The whole database real-time synchronization feature combines a one-time full synchronization with continuous incremental capture to synchronize an entire source database, such as MySQL or Oracle, to a destination system with low latency. A whole database real-time synchronization task first performs a full synchronization of historical data, automatically initializing the schema and data in the destination. It then seamlessly switches to a real-time incremental mode, using technologies like change data capture (CDC) to continuously capture and synchronize subsequent data changes. This capability is ideal for use cases like real-time data warehousing and data lake construction. This topic uses synchronizing a MySQL database to MaxCompute as an example to explain how to configure the task.
Prerequisites
-
Data source preparation
-
You have created the source and destination data sources. For more information, see Data source management.
-
Ensure the data sources support whole database real-time synchronization. For more information, see Supported data sources and synchronization solutions.
-
Some data sources, such as MySQL, Hologres, and Oracle, require you to enable logging. The method for enabling logs varies by data source. For more information, see Data source list.
-
MaxCompute: The Decimal data type is supported only in MaxCompute 2.0. Before starting synchronization, enable MaxCompute 2.0 data types. For more information, see MaxCompute 2.0 data types.
-
-
Resource group: Purchase and configure a serverless resource group.
-
Network connectivity: Configure network connectivity between the resource group and the data sources.
Usage notes
-
DataWorks supports two types of database synchronization: whole database real-time synchronization and whole database full & incremental (near real-time). Both types perform a full synchronization of historical data and then automatically switch to an incremental mode. However, they differ in latency and destination table requirements:
-
Latency: Whole database real-time synchronization achieves second-to-minute latency. Whole database full & incremental (near real-time) provides T+1 latency.
-
Destination table (MaxCompute):
-
PK Delta Table: Supports all features of whole database real-time synchronization.
-
Standard Table and Append Delta Table: Support only the Append mode when you select the incremental-only synchronization mode for a whole database real-time synchronization task.
-
Whole database full & incremental (near real-time): Supports all preceding table types.
-
-
-
You can configure a whole database real-time synchronization task in either DataStudio or Data Integration. The functionality is identical in both modules.
-
Consistent configuration: The configuration interface, parameter settings, and underlying functions are exactly the same, regardless of where you create the task.
-
Auto-sync between modules: Tasks created in the Data Integration module are automatically synchronized to and displayed in the
data_integration_jobsdirectory of the Data Studio module. These tasks are categorized by channel based on thesource type-destination typeformat to facilitate centralized management.
-
Configure the task
Step 1: Create a synchronization task
-
Log on to the DataWorks console. In the top navigation bar, select the desired region. In the left-side navigation pane, choose . On the page that appears, select the desired workspace from the drop-down list and click Go to Data Integration.
-
In the left-side navigation pane, click Synchronization Task. Then, click Create Synchronization Task at the top of the page and configure the following task information:
-
Source Type:
MySQL. -
Destination Type:
MaxCompute. -
Specific Type:
Real-time migration of entire database. -
Synchronization Mode:
-
Schema Migration: Automatically creates database objects such as tables, fields, and data types in the destination that match the source, but without the data.
-
Full Synchronization (optional): Performs a one-time, complete copy of all historical data from specified source objects, such as tables, to the destination. This is typically used for initial data migration or initialization.
-
Incremental Sync (optional): After the full synchronization is complete, this step continuously captures and synchronizes data changes (inserts, updates, and deletes) from the source to the destination.
-
-
Step 2: Configure data sources and resources
-
In the Source Data Source section, select your
MySQLdata source. In the Destination section, select yourMaxComputedata source. -
In the Running Resources section, select the Resource Group for the synchronization task and allocate CU for the task.

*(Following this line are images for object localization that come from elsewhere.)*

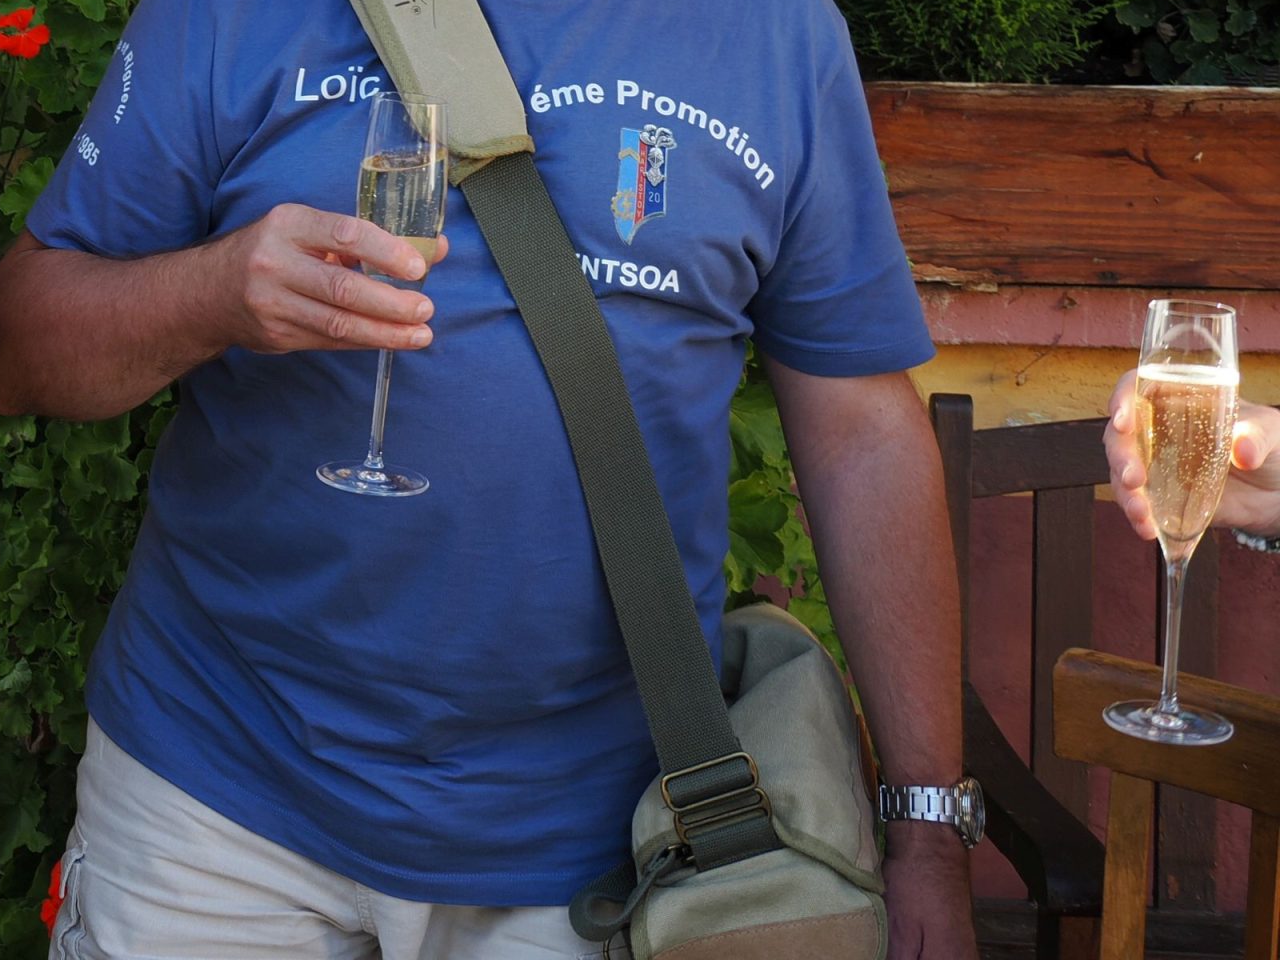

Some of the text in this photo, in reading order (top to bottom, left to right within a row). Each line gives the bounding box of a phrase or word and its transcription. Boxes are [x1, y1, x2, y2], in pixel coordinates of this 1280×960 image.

[294, 65, 380, 102] Loïc
[529, 79, 775, 190] éme Promotion
[648, 191, 661, 203] 20
[576, 253, 680, 293] NTSOA
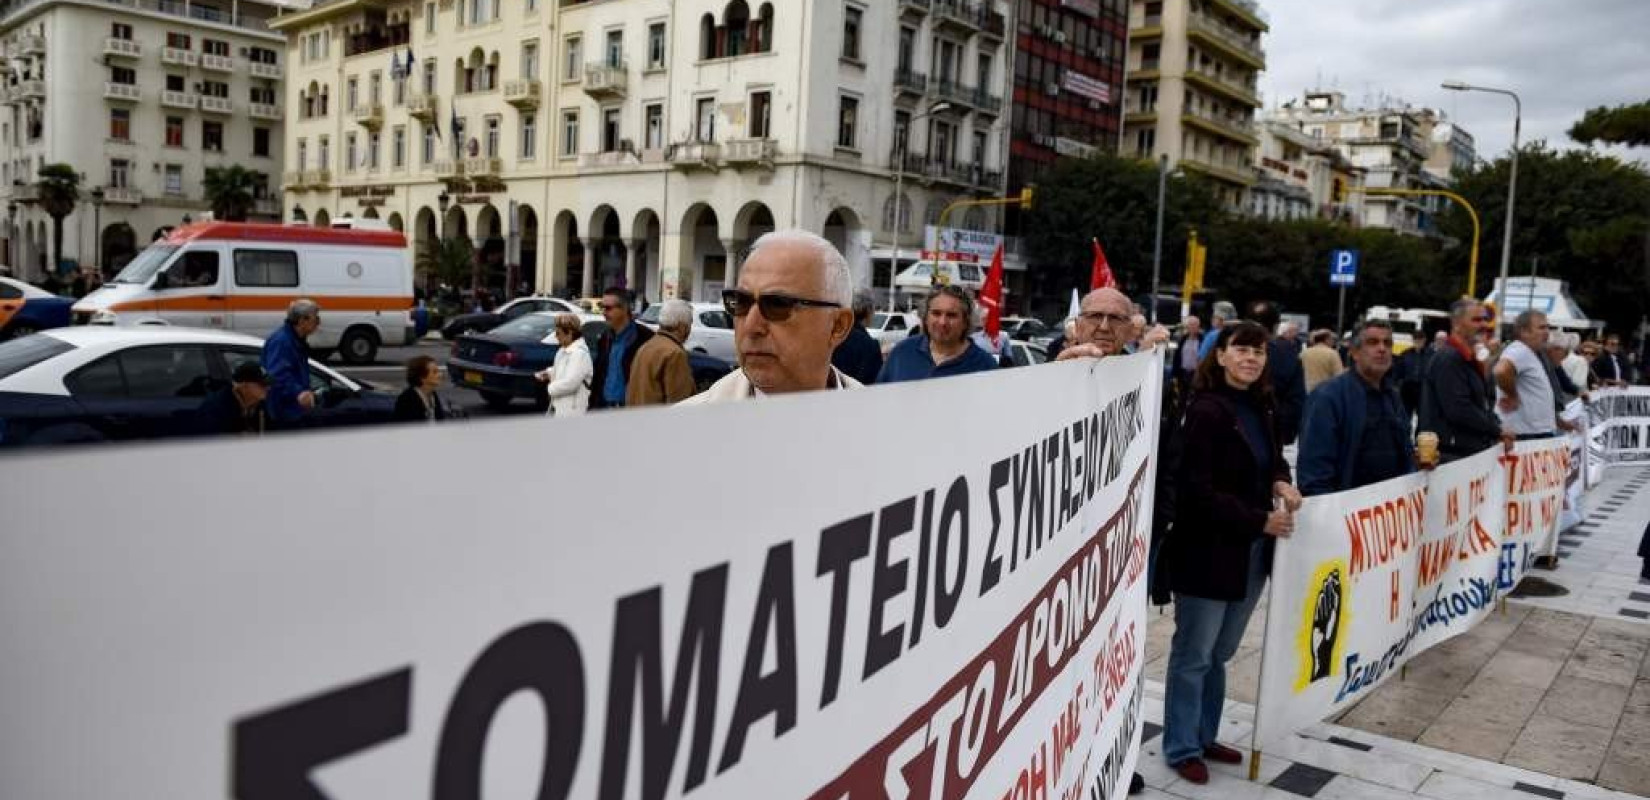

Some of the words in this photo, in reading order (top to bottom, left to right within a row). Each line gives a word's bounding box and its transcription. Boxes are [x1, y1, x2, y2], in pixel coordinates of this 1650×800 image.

[1338, 250, 1353, 273] P
[1390, 570, 1400, 623] Η
[997, 543, 1101, 733] ΔΡΟΜΟ
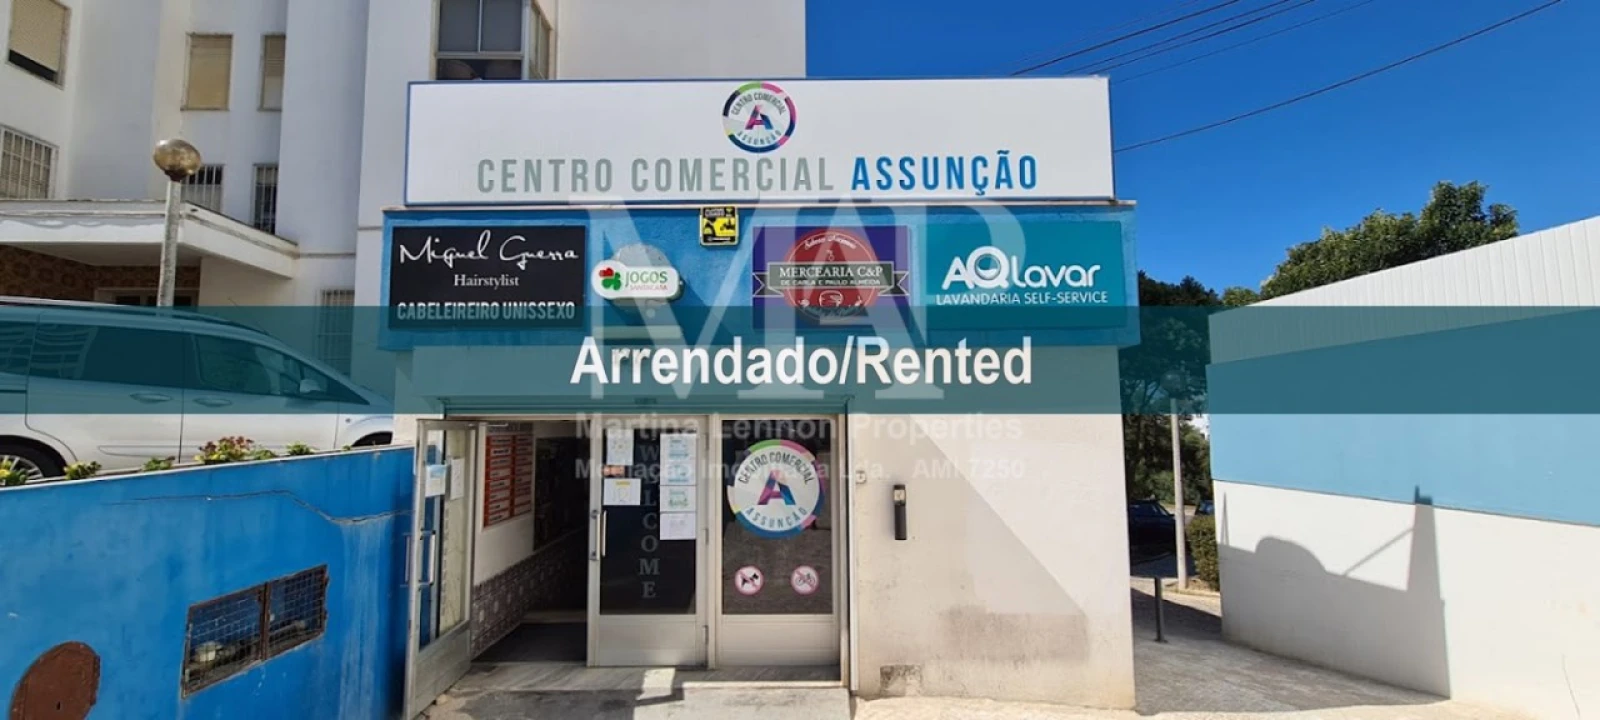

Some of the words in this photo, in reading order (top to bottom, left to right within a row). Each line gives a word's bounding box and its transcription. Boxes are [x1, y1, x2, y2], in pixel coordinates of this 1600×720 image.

[731, 94, 752, 115] CENTRO
[754, 92, 786, 115] COMERCIAL
[477, 158, 613, 193] CENTRO
[631, 157, 834, 191] COMERCIAL
[851, 149, 1037, 196] ASSUNÇÃO
[399, 229, 491, 270] Miguel
[499, 235, 579, 270] Guerra
[625, 271, 668, 288] JOGOS
[780, 266, 854, 278] MERCEARIA
[857, 265, 883, 277] C&P
[453, 273, 520, 290] Hairstylist
[936, 292, 1021, 306] LAVANDARIA
[1024, 290, 1108, 305] SELF-SERVICE
[397, 301, 500, 320] CABELEIREIRO
[502, 301, 576, 320] UNISSEXO
[738, 454, 768, 485] CENTRO
[769, 451, 815, 485] COMERCIAL
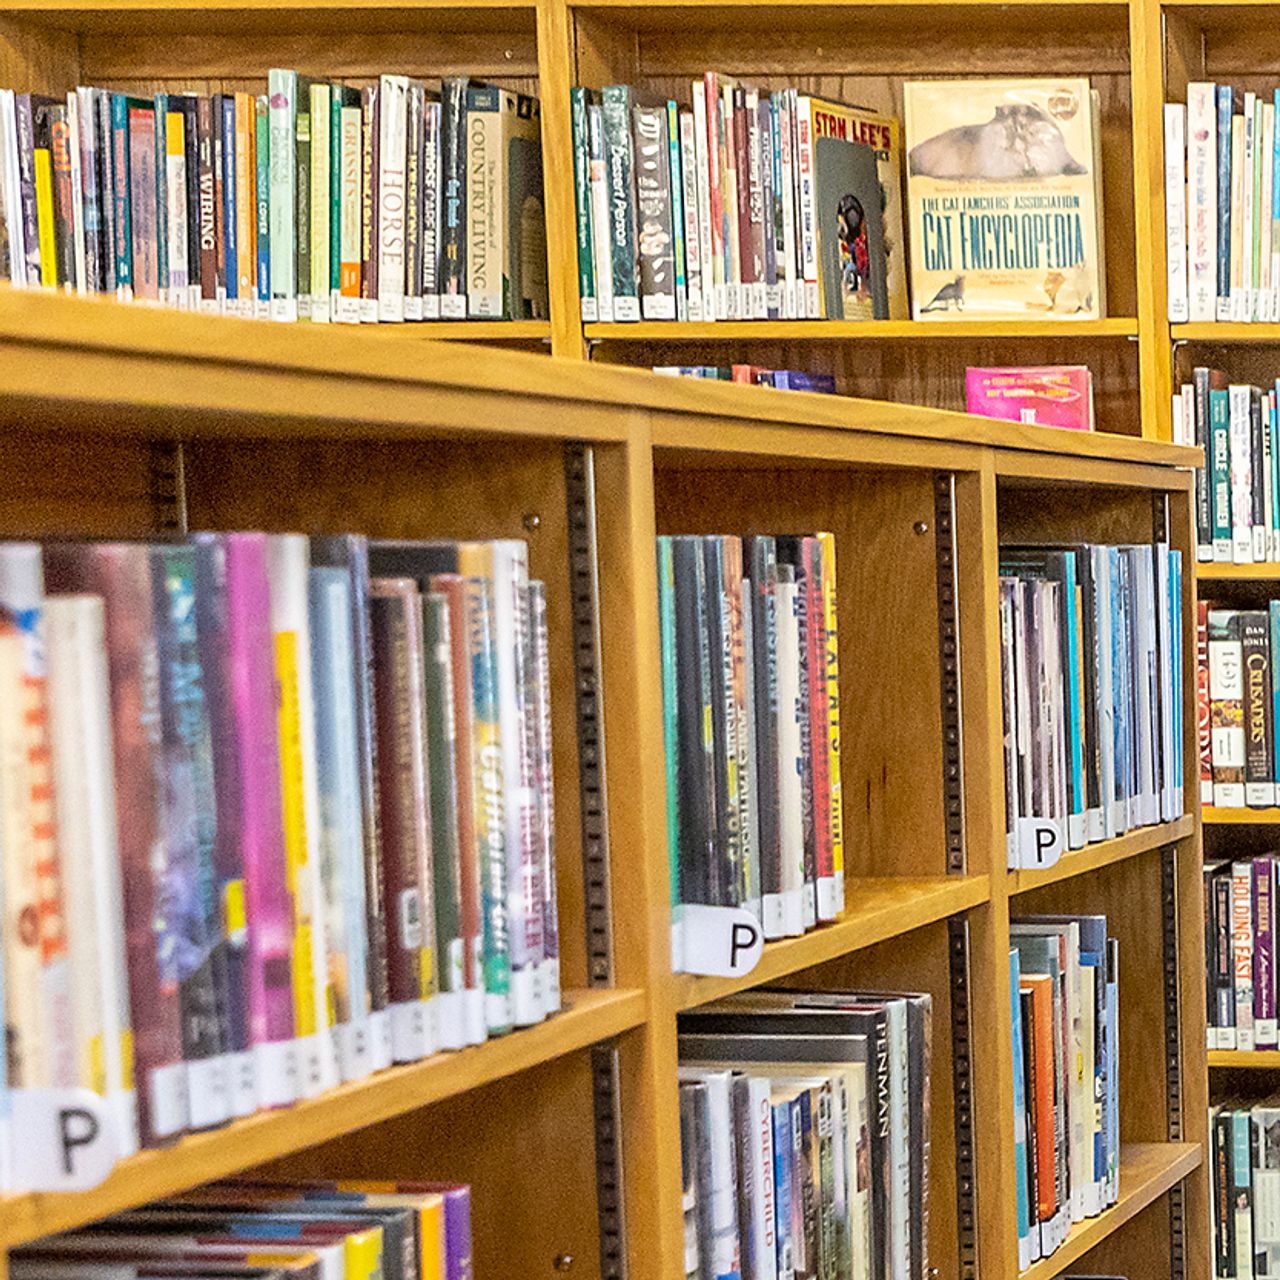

NoteWhen the task log shows a message about insufficient resources, such as
Please confirm whether there are enough resources..., it means that the available Computing Units (CUs) in the current resource group are insufficient to start or run the task. You can increase the number of CUs that the task uses in the Configure Resource Group panel to allocate more computing resources.For recommended resource settings, see Recommended CUs for Data Integration. Adjust the settings based on your actual workload.
-
Ensure that both the source and destination data sources pass the Connectivity Check.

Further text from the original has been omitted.